Nouakchott a exprimé dimanche son désaccord face aux déclarations de l’ambassadeur américain en Israël, Mike Huckabee, concernant le droit supposé d’Israël à exercer un contrôle sur l’ensemble du Moyen-Orient, une position qu’elle juge incompatible avec le droit international et les résolutions des Nations Unies.

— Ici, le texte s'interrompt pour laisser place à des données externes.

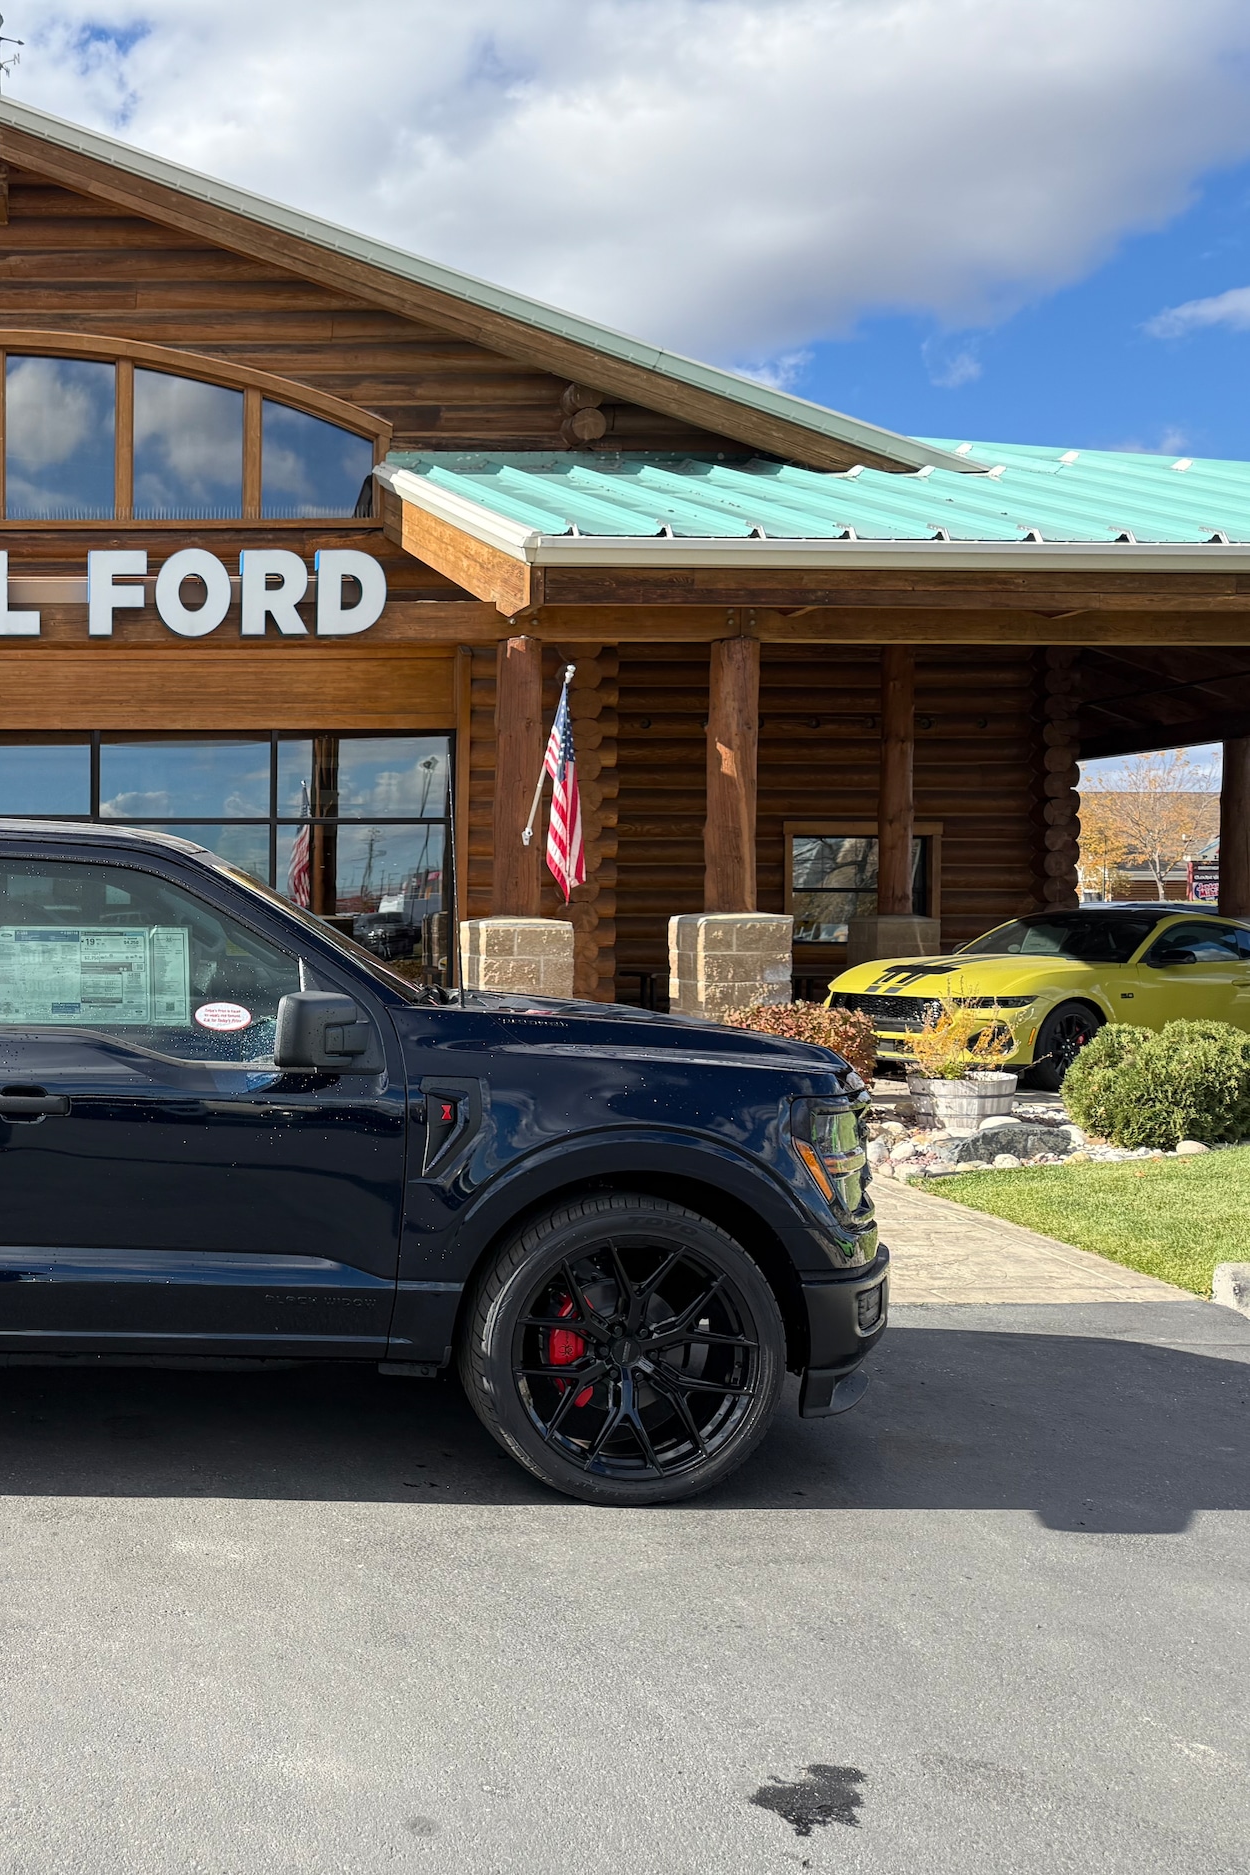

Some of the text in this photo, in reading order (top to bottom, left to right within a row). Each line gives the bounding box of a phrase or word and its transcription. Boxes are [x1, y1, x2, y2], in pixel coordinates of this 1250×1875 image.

[86, 547, 389, 637] FORD
[85, 938, 95, 946] 19
[628, 1216, 698, 1235] TOYO

L’Entretien Controversé genèse de la condamnation Mauritanienne
Dans un entretien diffusé vendredi sur un podcast animé par Tucker Carlson, Mike Huckabee a évoqué un prétendu droit biblique d’Israël à revendiquer le contrôle de la région s’étendant du Nil à l’Euphrate (Irak). Il a même affirmé qu’il serait souhaitable qu’Israël s’approprie l’intégralité de ce territoire, une remarque qu’il a par la suite qualifiée d’hyperbole. Ces propos ont suscité une vague d’indignation et ont été interprétés comme une légitimation de l’annexion de vastes portions du Moyen-Orient par Israël.
Nouakchott réagit face à une vision jugée déplorable
Face à cette vision controversée, la Mauritanie s’est jointe aux nombreuses condamnations émanant du monde arabe et musulman. Le gouvernement mauritanien a dénoncé avec véhémence ces déclarations, les qualifiant de contraires aux principes fondamentaux du droit international et à la souveraineté des États de la région. Nouakchott redoute que ces propos irresponsables ne contribuent à exacerber les tensions déjà vives dans la région et ne remettent en question les résolutions des Nations Unies relatives à la Palestine et aux territoires occupés.
Violation du droit international et des résolutions de l’ONU
Le ministère mauritanien des Affaires étrangères, de la Coopération africaine et des Mauritaniens de l’Extérieur a publié un communiqué dans lequel il exprime sa profonde préoccupation face aux déclarations de l’ambassadeur américain. Le ministère souligne que les propos de M. Huckabee constituent une violation flagrante du droit international et des principes consacrés par la Charte des Nations Unies.
Cisjordanie et Gaza territoires Palestiniens occupés inaliénables
Le communiqué rappelle avec fermeté que la Cisjordanie, y compris Jérusalem-Est, ainsi que la bande de Gaza, sont des territoires palestiniens occupés, conformément au droit international et aux résolutions pertinentes de l’ONU. Le ministère réaffirme que toute tentative visant à modifier le statut juridique de ces territoires ou à imposer une réalité contraire au droit international est vouée à l’échec et ne saurait être reconnue par la communauté internationale.
Un appel à la paix basé sur les frontières de 1967
La Mauritanie réitère son engagement indéfectible en faveur de la création d’un État palestinien indépendant et viable, sur les frontières du 4 juin 1967, avec Jérusalem-Est pour capitale. Elle considère qu’un règlement juste et global de la question palestinienne est indispensable pour instaurer une paix durable et une stabilité régionale. Nouakchott appelle la communauté internationale à redoubler d’efforts pour relancer le processus de paix et parvenir à une solution négociée qui garantisse les droits légitimes du peuple palestinien.
Un soutien inébranlable à la cause Palestinienne
La Mauritanie se positionne comme un fervent défenseur de la cause palestinienne et ne ménage aucun effort pour soutenir les aspirations du peuple palestinien à l’autodétermination et à la création d’un État indépendant. Elle exhorte la communauté internationale à assumer ses responsabilités et à mettre fin à l’occupation israélienne des territoires palestiniens.
Le droit international, rempart contre l’arbitraire
La Mauritanie considère que le droit international constitue un rempart essentiel contre l’arbitraire et l’impunité. Elle appelle tous les acteurs de la région à respecter scrupuleusement les principes du droit international et à s’abstenir de toute action susceptible de compromettre la paix et la sécurité régionales. Le gouvernement mauritanien réaffirme son attachement à une solution pacifique et négociée du conflit israélo-palestinien, fondée sur le respect des droits légitimes des deux peuples.